TASK STATEMENT — Leaving the pictures aside, repeat the entries exactly.

GIVEN RECORDS —
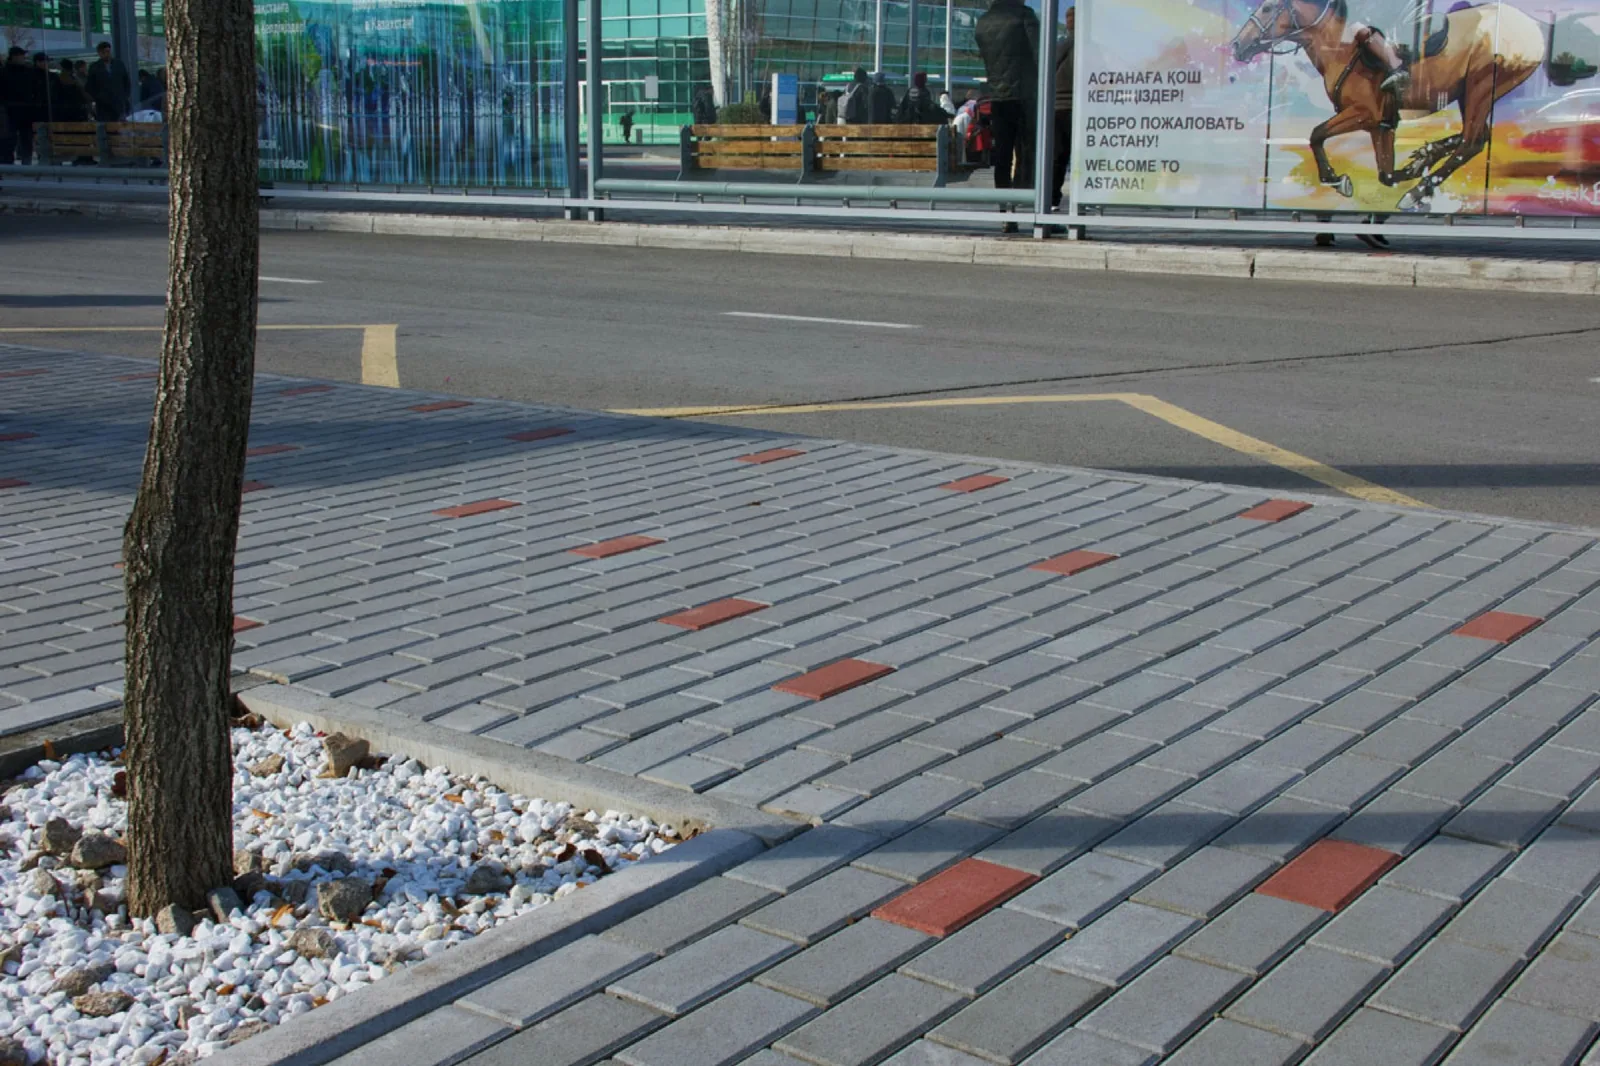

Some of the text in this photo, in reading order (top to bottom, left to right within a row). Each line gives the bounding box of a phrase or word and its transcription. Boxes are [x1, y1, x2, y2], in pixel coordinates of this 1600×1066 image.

[1088, 70, 1202, 86] АСТАНАҒА ҚОШ
[1086, 116, 1245, 132] ДОБРО ПОЖАЛОВАТЬ
[1086, 134, 1159, 148] В АСТАНУ!
[1085, 159, 1180, 173] WELCOME TO
[1084, 177, 1145, 190] ASTANA!

TASK RESULT —
Some of the text in this photo, in reading order (top to bottom, left to right within a row). Each line gives the bounding box of a phrase or word and its transcription. Boxes are [x1, y1, x2, y2], in pixel coordinates of this 1600×1066 image.

[1088, 70, 1202, 86] АСТАНАҒА ҚОШ
[1086, 116, 1245, 132] ДОБРО ПОЖАЛОВАТЬ
[1086, 134, 1159, 148] В АСТАНУ!
[1085, 159, 1180, 173] WELCOME TO
[1084, 177, 1145, 190] ASTANA!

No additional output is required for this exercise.